[What the task requires] Please copy every record below exactly, but leave the pictures out.

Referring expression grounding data
• • • • • • •
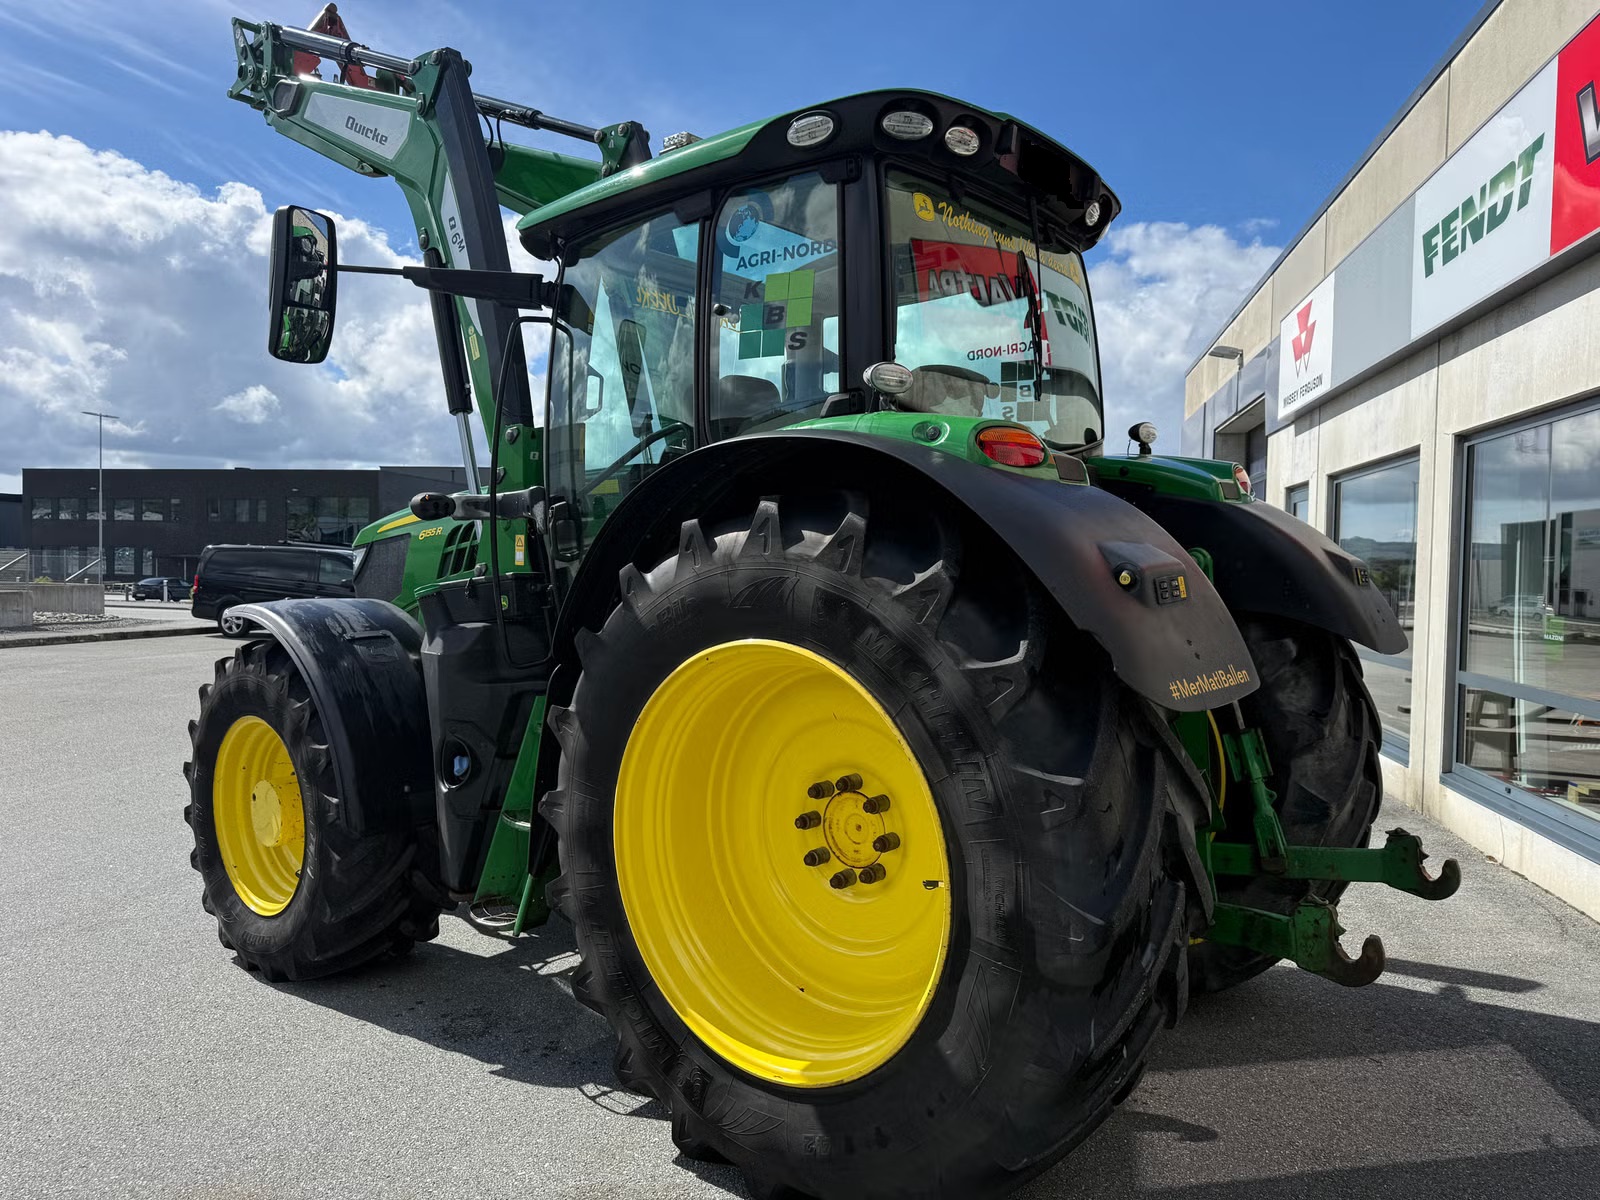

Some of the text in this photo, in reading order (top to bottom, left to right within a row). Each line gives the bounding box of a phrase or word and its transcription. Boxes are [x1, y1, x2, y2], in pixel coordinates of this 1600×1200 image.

[345, 115, 388, 146] Quicke
[938, 201, 989, 245] Nothing
[1422, 132, 1545, 278] FENDT
[736, 239, 837, 271] AGRI-NORD
• • • • • • •
[Output for this task]
Some of the text in this photo, in reading order (top to bottom, left to right within a row). Each line gives the bounding box of a phrase or word and its transcription. Boxes are [x1, y1, x2, y2], in pixel coordinates of this 1600×1200 image.

[345, 115, 388, 146] Quicke
[938, 201, 989, 245] Nothing
[1422, 132, 1545, 278] FENDT
[736, 239, 837, 271] AGRI-NORD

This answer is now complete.